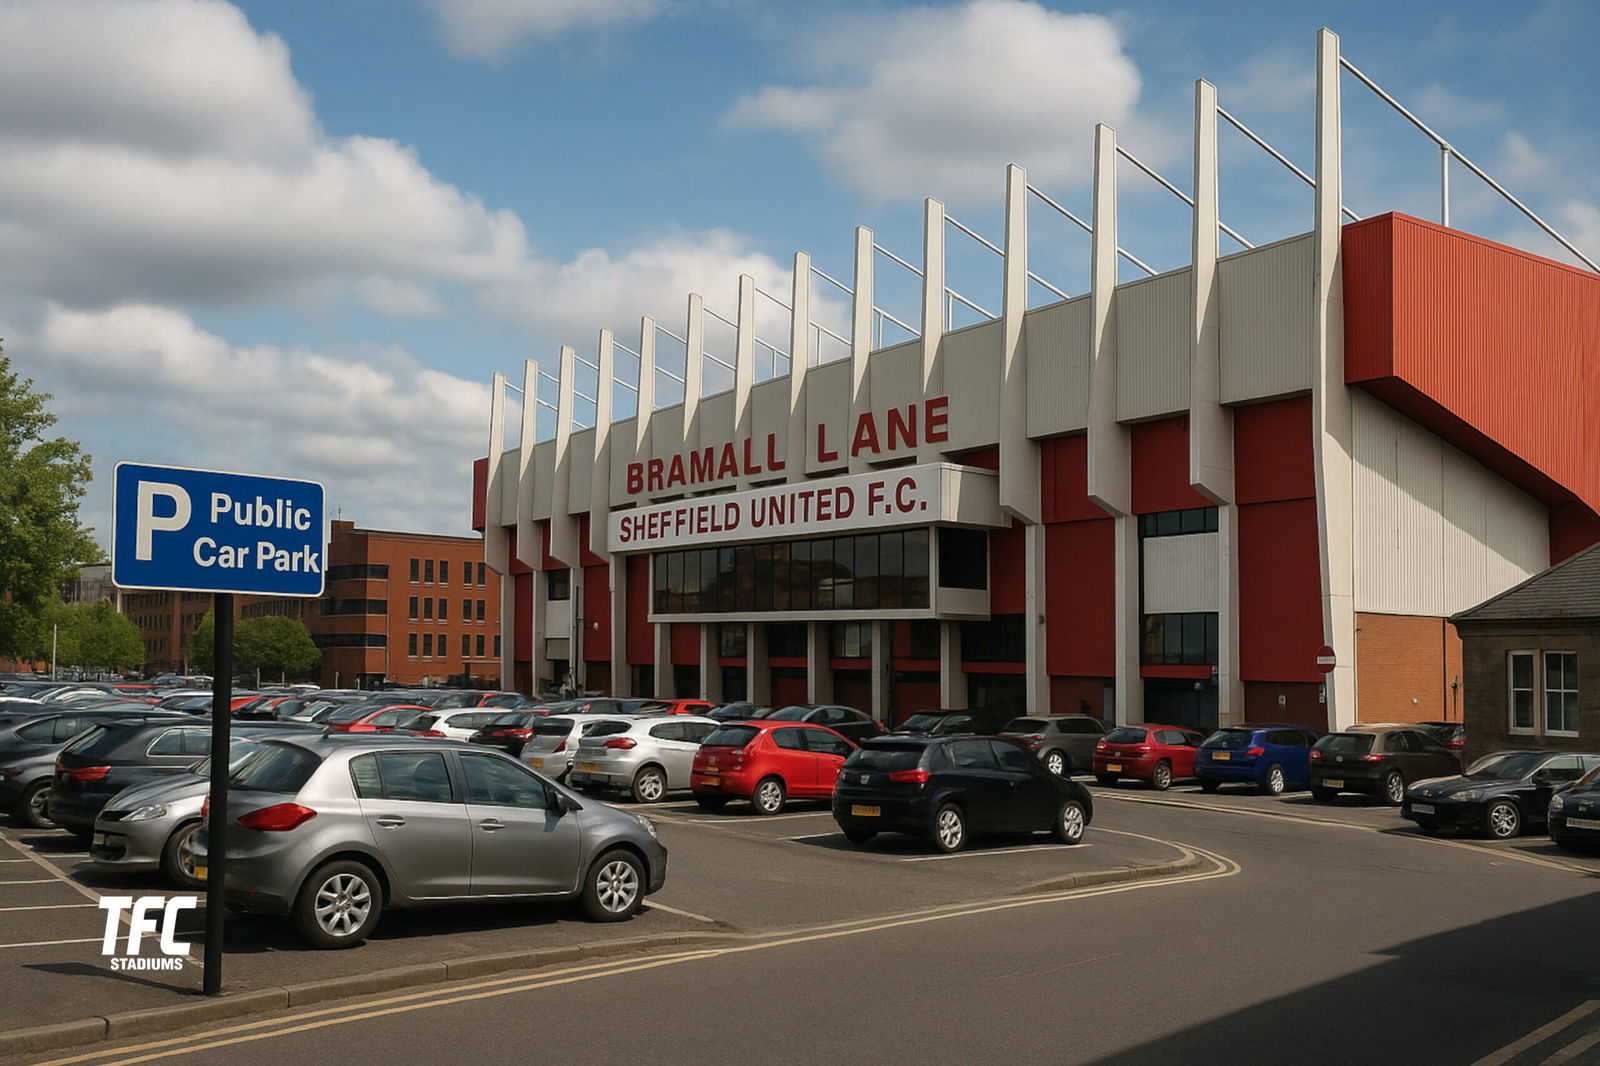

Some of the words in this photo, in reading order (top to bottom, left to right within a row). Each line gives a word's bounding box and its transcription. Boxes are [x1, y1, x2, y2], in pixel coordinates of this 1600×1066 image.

[627, 433, 786, 494] BRAMALL
[817, 396, 949, 463] LANE
[136, 480, 192, 561] P
[211, 492, 311, 531] Public
[619, 502, 740, 543] SHEFFIELD
[751, 486, 854, 528] UNITED
[868, 477, 928, 516] F.C.
[193, 537, 249, 568] Car
[257, 541, 320, 573] Park

> _TO DO_
Please write the data out again exactly, but do not carry over the pictures.

> _RESPONSE BELOW_
Some of the words in this photo, in reading order (top to bottom, left to right within a row). Each line gives a word's bounding box and its transcription. Boxes are [x1, y1, x2, y2], in pixel coordinates of this 1600×1066 image.

[627, 433, 786, 494] BRAMALL
[817, 396, 949, 463] LANE
[136, 480, 192, 561] P
[211, 492, 311, 531] Public
[619, 502, 740, 543] SHEFFIELD
[751, 486, 854, 528] UNITED
[868, 477, 928, 516] F.C.
[193, 537, 249, 568] Car
[257, 541, 320, 573] Park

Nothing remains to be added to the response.